Este lunes 23 de marzo, a las 8:00 p.m., arranca la primera jornada del debate presidencial organizado por el Jurado Nacional de Elecciones en el Centro de Convenciones de Lima. Durante tres fechas —23, 24 y 25 de marzo—, los candidatos expondrán sus propuestas en bloques sobre seguridad ciudadana, integridad pública, preguntas ciudadanas y mensajes finales. Moderarán Fernando Carvallo y Claudia Chiroque. Sobre el papel, el país se prepara para escuchar ideas. En la práctica, se juega algo más: la posibilidad de distinguir entre propuestas reales y discursos vacíos.

El debate es, en esencia, un examen público. Pero no siempre se rinde como tal. En un contexto donde la inseguridad golpea diariamente y la corrupción sigue erosionando instituciones, el país no necesita frases contundentes, sino respuestas concretas. Sin embargo, la experiencia indica que muchos candidatos suelen privilegiar la consigna rápida sobre la explicación profunda, el impacto inmediato sobre la viabilidad de sus propuestas.

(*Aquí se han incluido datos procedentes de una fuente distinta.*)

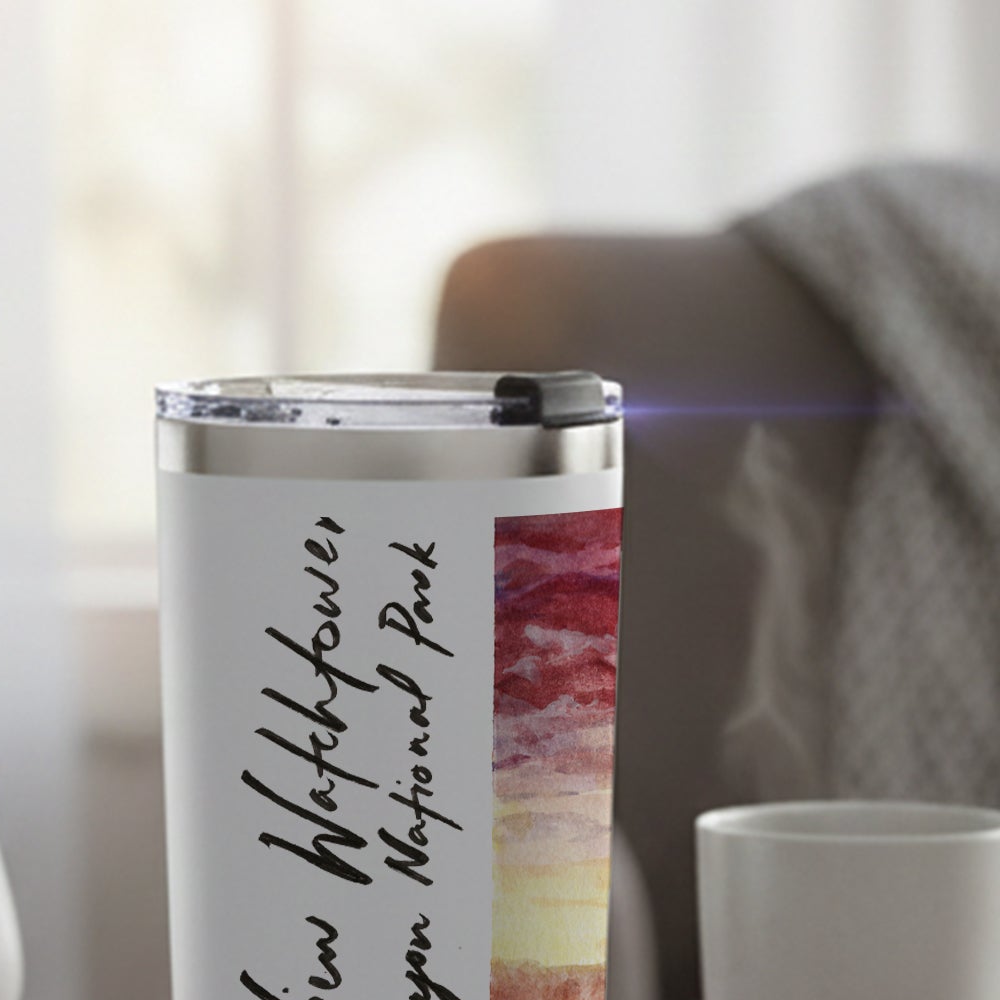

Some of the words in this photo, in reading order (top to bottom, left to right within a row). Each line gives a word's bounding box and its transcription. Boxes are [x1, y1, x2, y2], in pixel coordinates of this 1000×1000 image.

[240, 516, 380, 886] Watchtower
[377, 541, 455, 658] Park
[375, 663, 465, 887] National
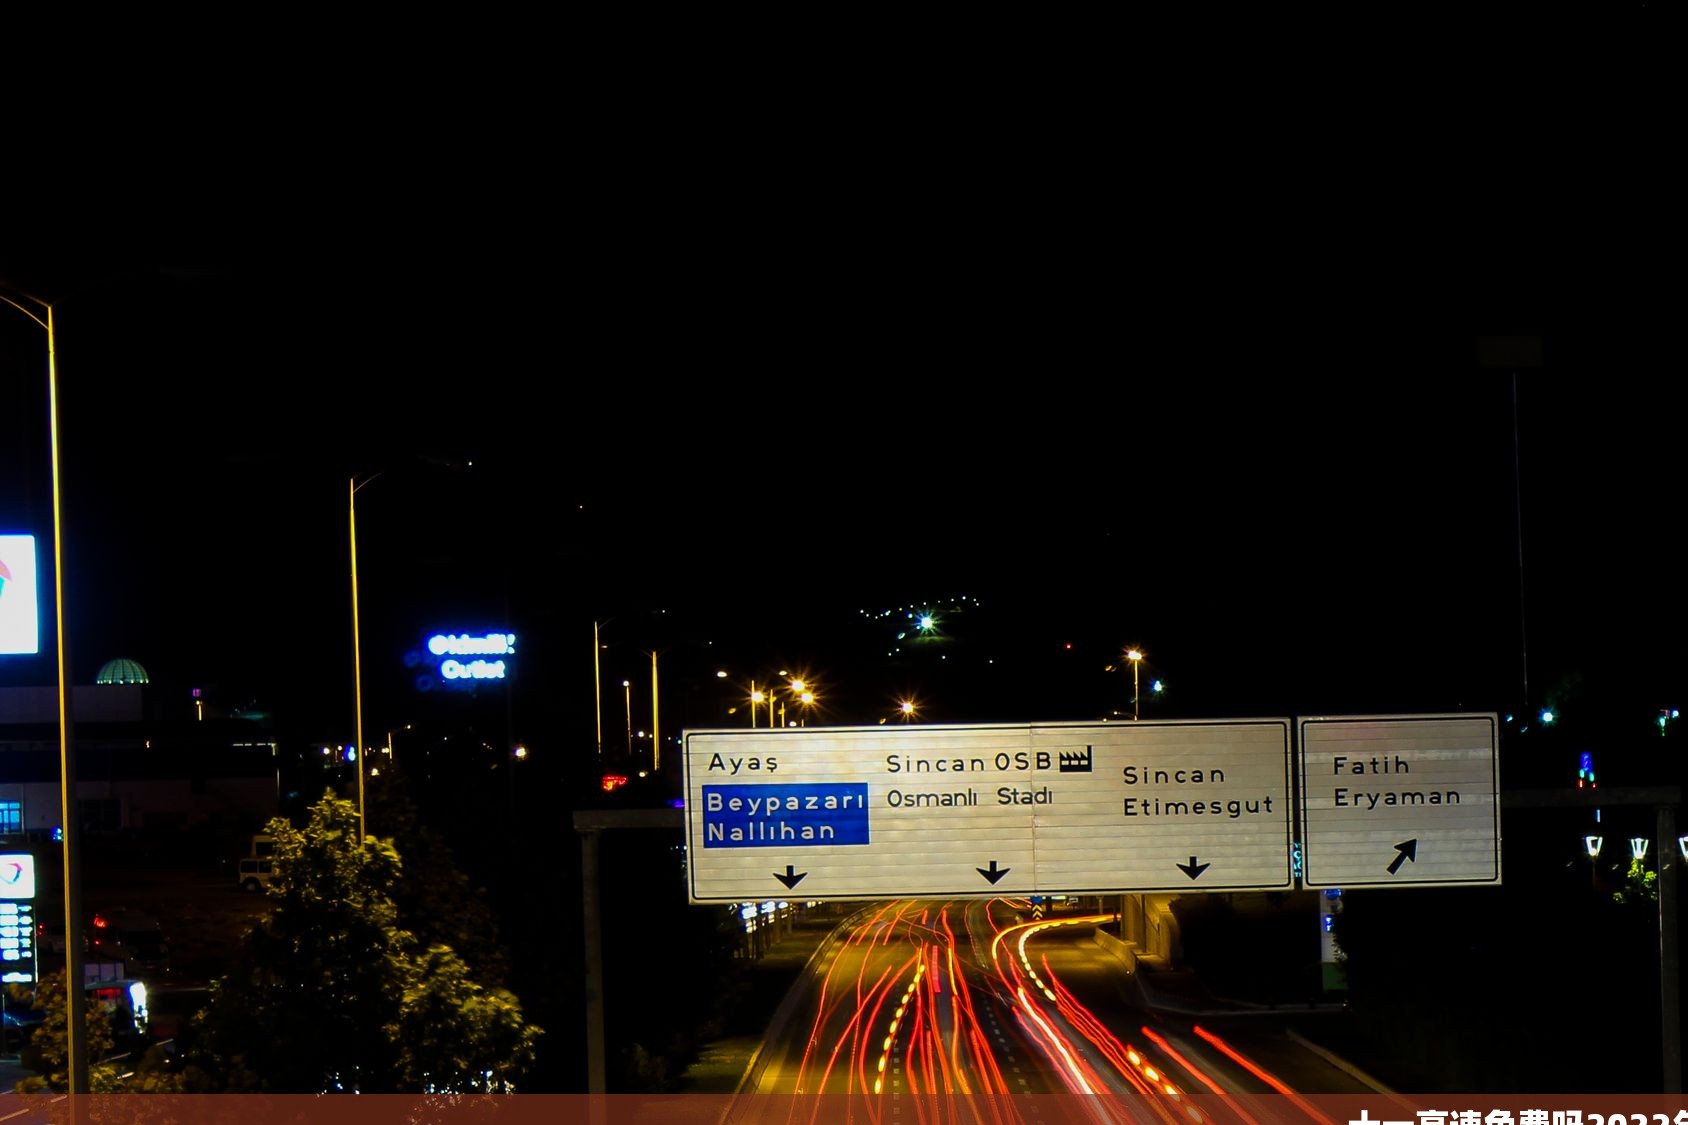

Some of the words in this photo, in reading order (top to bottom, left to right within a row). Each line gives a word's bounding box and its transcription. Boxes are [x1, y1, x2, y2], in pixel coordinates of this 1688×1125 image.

En esta primera jornada participarán 11 candidatos, representando distintas corrientes políticas y trayectorias. La diversidad debería enriquecer el intercambio. Pero también puede diluirlo si el formato —marcado por tiempos breves y réplicas limitadas— favorece más la agilidad que la profundidad. Un minuto basta para prometer, pero no para demostrar cómo se financiará, ejecutará o sostendrá una política pública.

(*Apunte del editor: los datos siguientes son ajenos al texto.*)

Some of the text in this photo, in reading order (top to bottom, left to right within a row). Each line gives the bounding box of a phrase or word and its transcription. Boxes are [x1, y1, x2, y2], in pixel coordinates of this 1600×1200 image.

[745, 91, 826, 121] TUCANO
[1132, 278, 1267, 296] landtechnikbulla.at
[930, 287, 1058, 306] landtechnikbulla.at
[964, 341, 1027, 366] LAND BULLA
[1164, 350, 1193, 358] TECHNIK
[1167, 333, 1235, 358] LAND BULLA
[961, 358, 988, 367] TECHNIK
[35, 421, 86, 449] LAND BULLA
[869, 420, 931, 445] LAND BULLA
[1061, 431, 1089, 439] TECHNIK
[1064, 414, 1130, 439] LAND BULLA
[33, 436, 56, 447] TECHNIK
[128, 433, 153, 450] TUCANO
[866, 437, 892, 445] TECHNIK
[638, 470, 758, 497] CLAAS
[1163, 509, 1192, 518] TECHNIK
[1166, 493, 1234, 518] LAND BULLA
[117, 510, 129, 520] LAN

Allí está el verdadero problema: el país no enfrenta una crisis de ideas, sino de ejecución. Propuestas sobran; lo que escasea es la capacidad de convertirlas en resultados. Por eso, el debate no debería medirse por quién gana en retórica, sino por quién logra sostener coherencia, conocimiento técnico y responsabilidad frente a los problemas más urgentes.

Además, el formato incluye preguntas ciudadanas, un elemento valioso si se usa para confrontar a los candidatos con la realidad cotidiana. Pero incluso ese espacio puede perder fuerza si las respuestas se convierten en evasivas o generalidades. La ciudadanía no necesita discursos amplios; necesita claridad, compromisos verificables y decisiones concretas.

El debate presidencial puede ser una herramienta democrática poderosa, pero también puede convertirse en una puesta en escena si no logra incomodar, exigir y revelar. El riesgo no está en que los candidatos discrepen, sino en que todos coincidan en prometer sin explicar.

Reflexión final
A las 8:00 p.m., el país no solo verá un debate. Verá un espejo. Allí quedará expuesto si la política está dispuesta a asumir su responsabilidad o si seguirá refugiándose en el espectáculo. Porque cuando el debate se reduce a forma y no a fondo, la elección deja de ser una decisión informada y se convierte en un acto de fe. Y el Perú, hoy más que nunca, no necesita creer: necesita entender y decidir con claridad.